Their stories are bizarre and comforting, in the extremes I know as truth. I find it in their lack of ability to conform, and the glee they hold onto so fiercely. If I doubt them, I begin to anticipate the whisper of a knife. They look me in the eye with danger, and thank me for the honor and respect that was shown, and then dance into the night.

When they grace me with a tear, I can see it bled from their soul. Their look of surprise turning into recognition, becomes our friendship. After that our union becomes palpable, and I beg them to edit their words for me. I hold onto the moment with them, as it consumes me with purpose, and I’m thankful for the secrets I won’t know.

What shines through the filter of my desire to not be a witness at their trial, are things like, “I don’t know what intimacy is.”, or “My father is in prison, and my husband was chopped into pieces in the alley.” What do you do with that? Hold your judgements for the actions, not the results of past actions. People are not what they did yesterday. They have a moment in time to share, and its gone.

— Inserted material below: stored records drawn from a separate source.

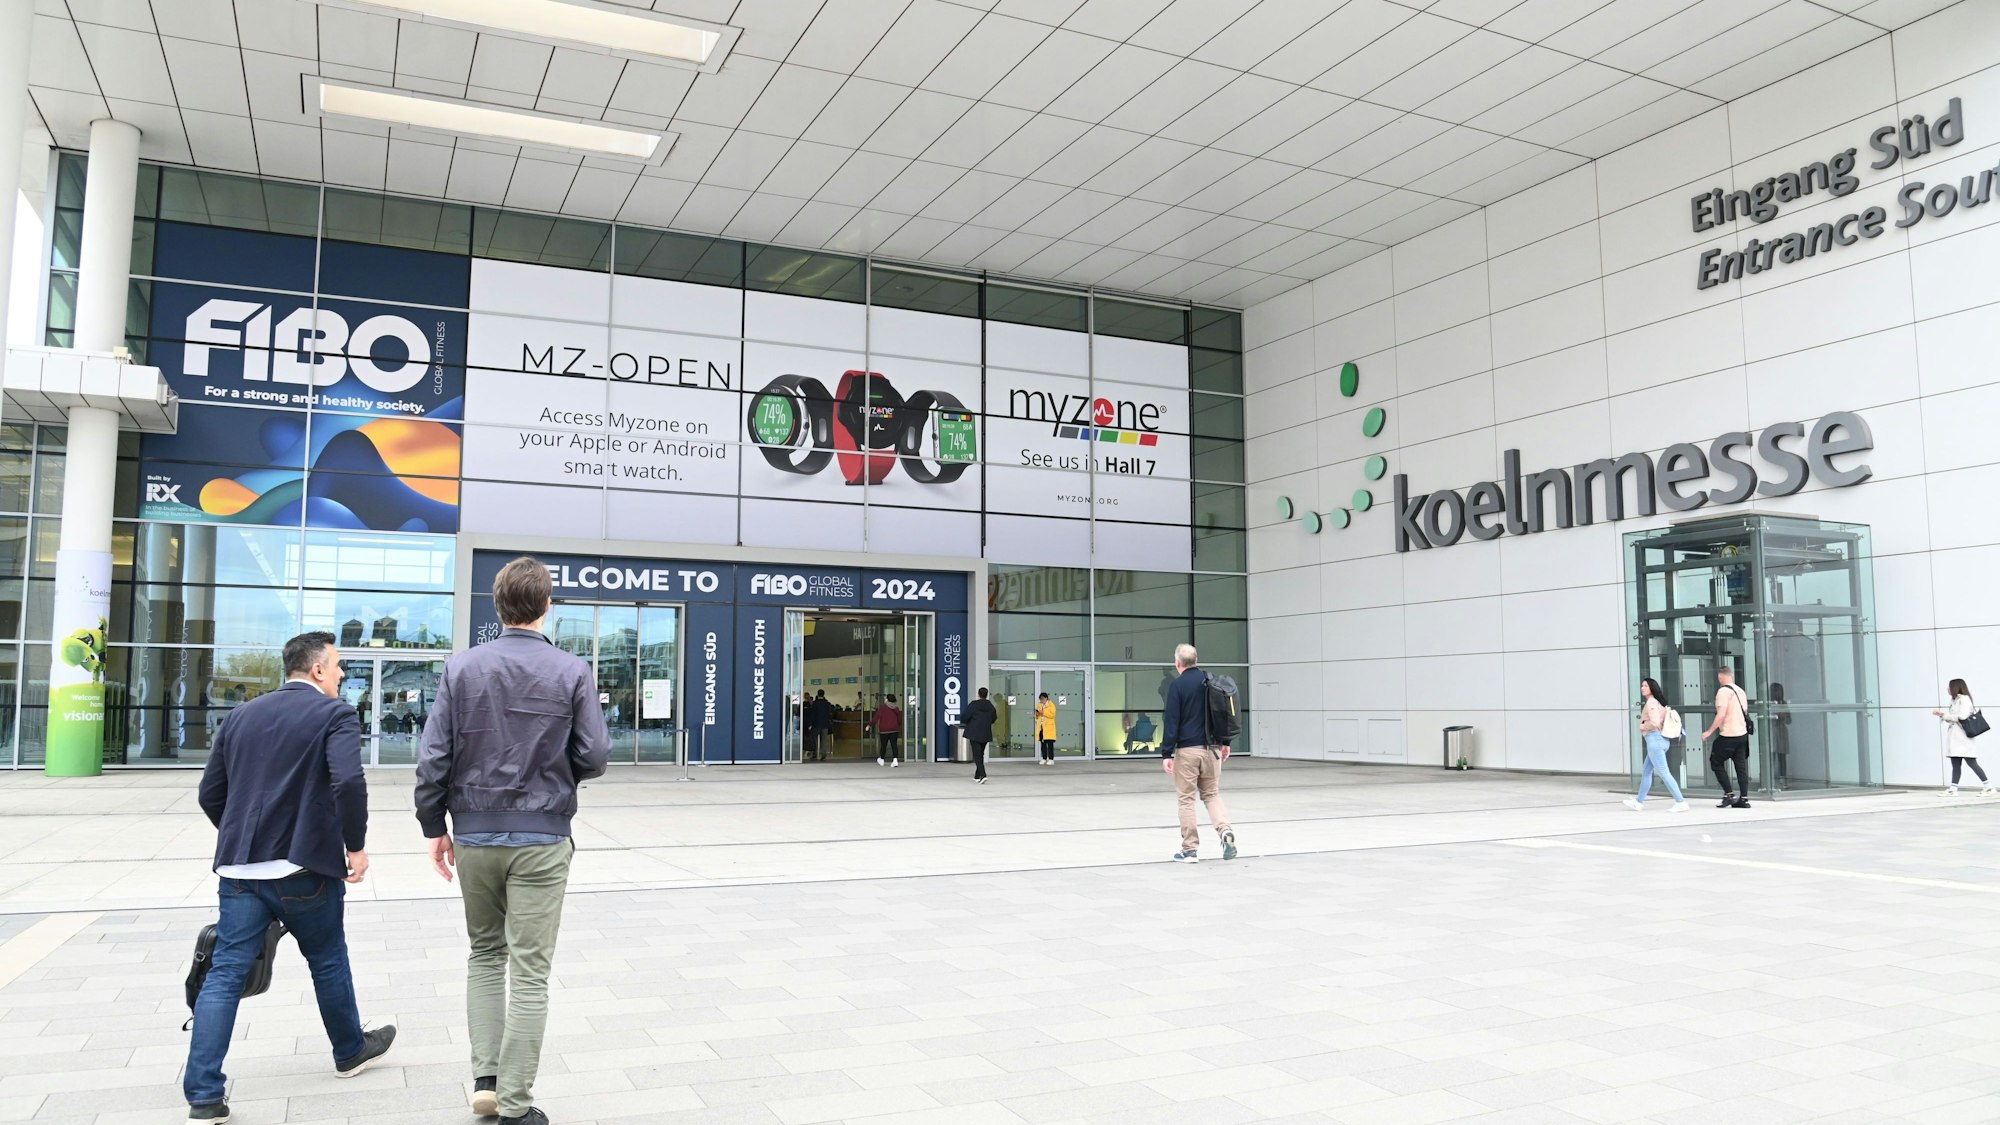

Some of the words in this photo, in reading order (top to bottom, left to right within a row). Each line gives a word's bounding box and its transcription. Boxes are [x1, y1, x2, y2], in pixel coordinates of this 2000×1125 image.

[1691, 148, 1859, 233] Eingang
[1870, 97, 1964, 170] Süd
[1697, 206, 1886, 290] Entrance
[183, 299, 431, 393] FIBO
[435, 321, 446, 357] FITNESS
[434, 358, 444, 395] GLOBAL
[521, 342, 731, 390] MZ-OPEN
[204, 385, 227, 397] For
[231, 388, 240, 399] a
[243, 390, 288, 404] strong
[292, 394, 319, 405] and
[322, 396, 373, 411] healthy
[376, 401, 425, 413] society.
[539, 407, 603, 427] Access
[609, 412, 680, 434] Myzone
[685, 422, 709, 434] on
[763, 403, 786, 425] 74%
[519, 432, 564, 449] your
[569, 433, 622, 455] Apple
[628, 440, 648, 452] or
[653, 440, 727, 459] Android
[948, 432, 967, 451] 74%
[623, 464, 683, 481] watch.
[1021, 448, 1053, 468] See
[1059, 454, 1079, 470] us
[1105, 456, 1140, 475] Hall
[1146, 460, 1156, 476] 7
[146, 483, 181, 503] RX
[1395, 411, 1874, 554] koelnmesse
[1057, 494, 1119, 506] MYZON.ORG
[677, 570, 719, 593] TO
[751, 573, 807, 596] FIBO
[808, 575, 854, 587] GLOBAL
[809, 587, 854, 598] FITNESS
[871, 578, 936, 601] 2024
[703, 631, 717, 661] SÜD
[754, 619, 766, 665] SOUTH
[944, 634, 952, 676] GLOBAL
[952, 634, 961, 675] FITNESS
[704, 664, 716, 725] EINGANG
[753, 667, 765, 740] ENTRANCE
[944, 676, 961, 727] FIBO
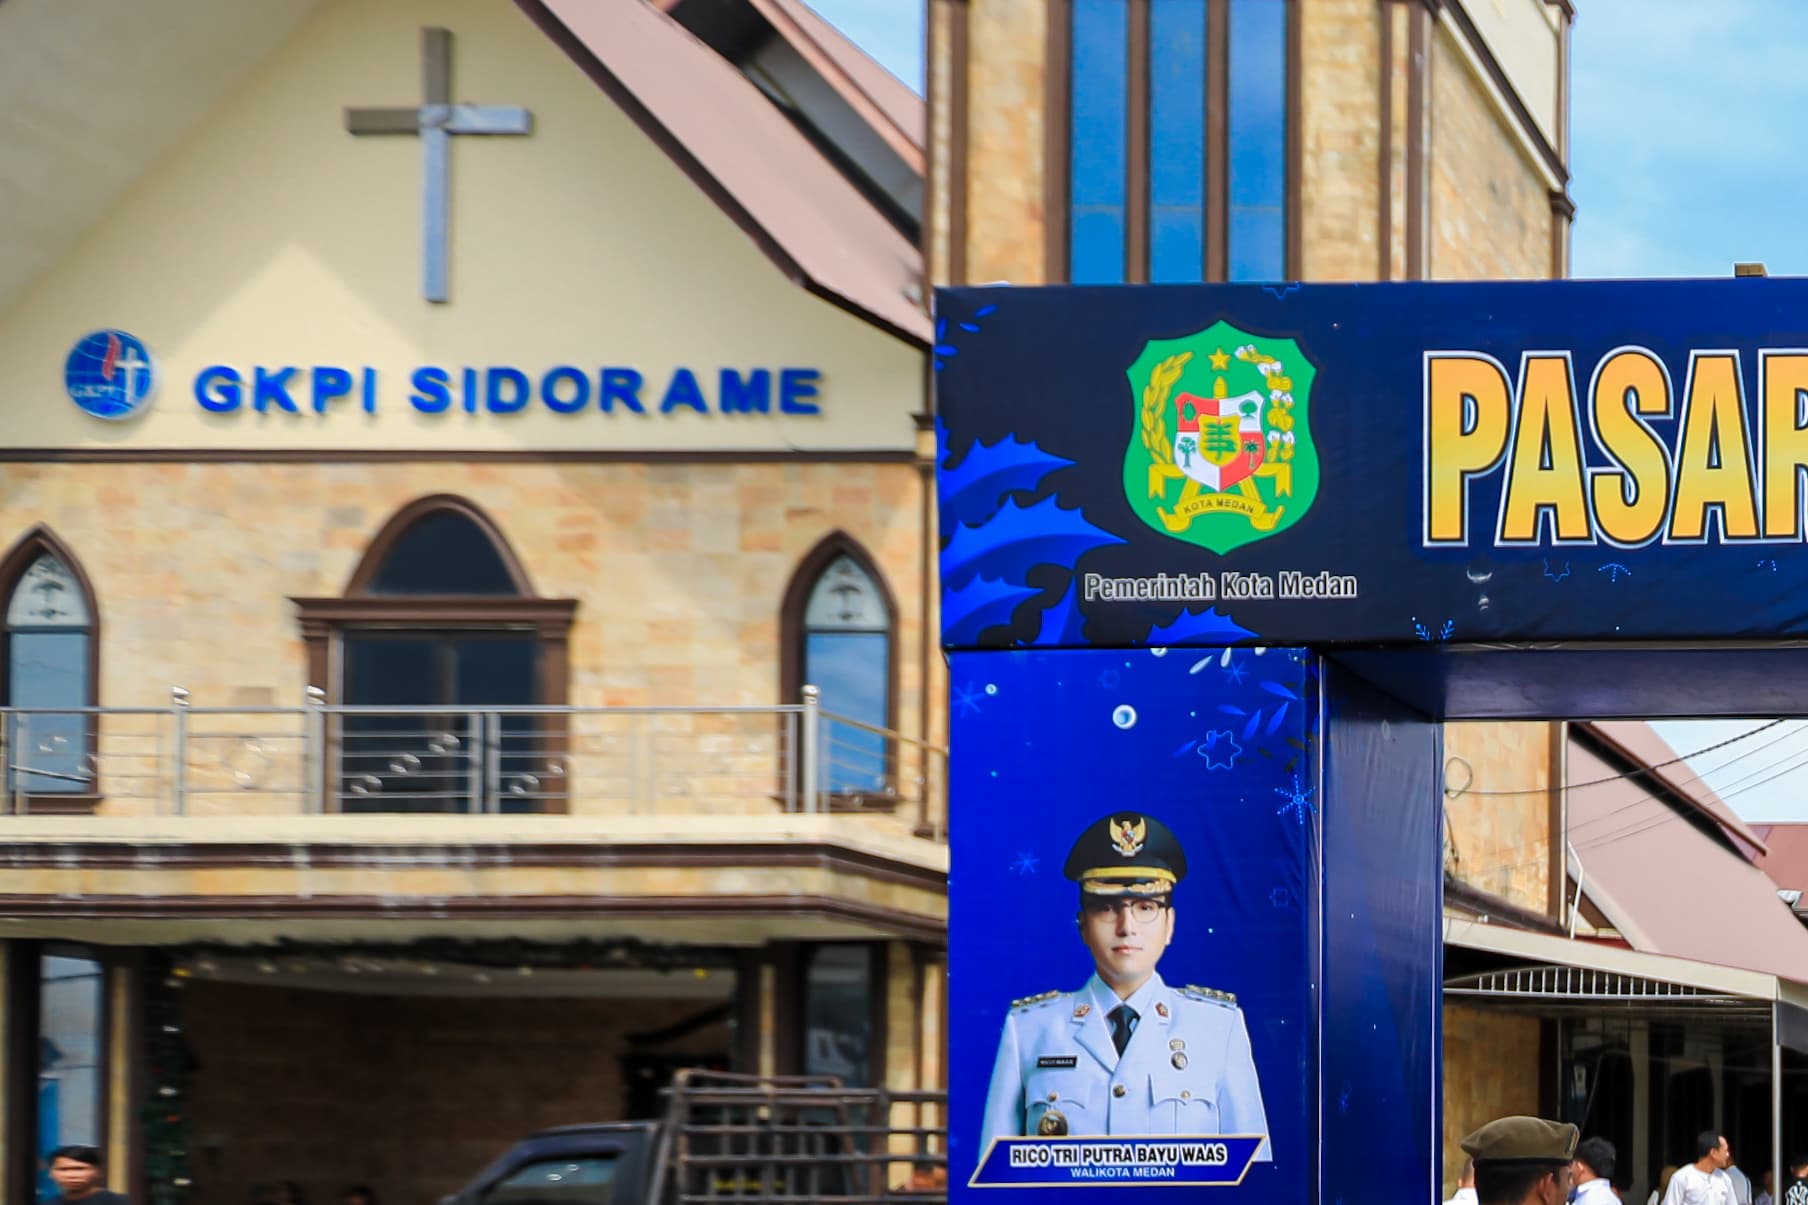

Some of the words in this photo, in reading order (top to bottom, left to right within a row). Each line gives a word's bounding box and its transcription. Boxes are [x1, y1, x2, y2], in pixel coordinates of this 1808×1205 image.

[194, 365, 377, 415] GKPI
[409, 365, 822, 416] SIDORAME
[1183, 499, 1213, 514] KOTA
[1216, 498, 1255, 514] MEDAN
[1084, 573, 1215, 601] Pemerintah
[1221, 572, 1273, 599] Kota
[1279, 571, 1357, 599] Medan
[1010, 1145, 1049, 1166] RICO
[1053, 1145, 1078, 1165] TRI
[1081, 1144, 1134, 1164] PUTRA
[1137, 1144, 1178, 1164] BAYU
[1180, 1143, 1226, 1164] WAAS
[1071, 1167, 1130, 1178] WALIKOTA
[1133, 1167, 1175, 1177] MEDAN

The art I love most comes from people who have the courage to preserve a chance, to witness these tragedies. They aren’t stuck on a vanity streak. They look to the outside of a person, and see the trail of pain painted on their social status, and embrace the inside of that person with a question to themselves. The cost is compassion. The reward is love, and a conscience that can sleep, in a bed of art.

My friends in low places tend to die faster, but they also know how to live. If you ever get the chance to sit on a curb with somebody and hear them out, they might lie or steal from you until you learn how to do it right, but you know what? You’ll get to enjoy tears that aren’t your own, and those tears are some of the best medicine.

People on the street look out for each other. Be one. A person on the street. Humanity is the transcendence of animal nature. That to me is taking the “fight or flight” urge, and turning it into the mercy of patient kindness. If you look out for the people on the street, they remember.

Are you curious about what goes down in your neighborhood? The best neighborhood watch is done by the guy in front of the store asking for change. If he’s there every day, it may be that he’s allowed to be there, because he is actually a priceless member of your community. Give him a cigarette and listen to his story, as the next time you see him, he may just smile.

An update to this post on the following morning:

Some people choose to wear rose colored glasses, but the dust of the world builds up, and their view becomes dim. I admire the way that Dennis uses his blog to reach out and clean the lenses of them with his efforts, as a radio of the street. His latest post inspired the flow of my thoughts for this article, and following up my last post of “Blogging Makes Laughter” with this one is fitting, as the joy in embracing the less fortunate, can be seen in between the lines of his stories.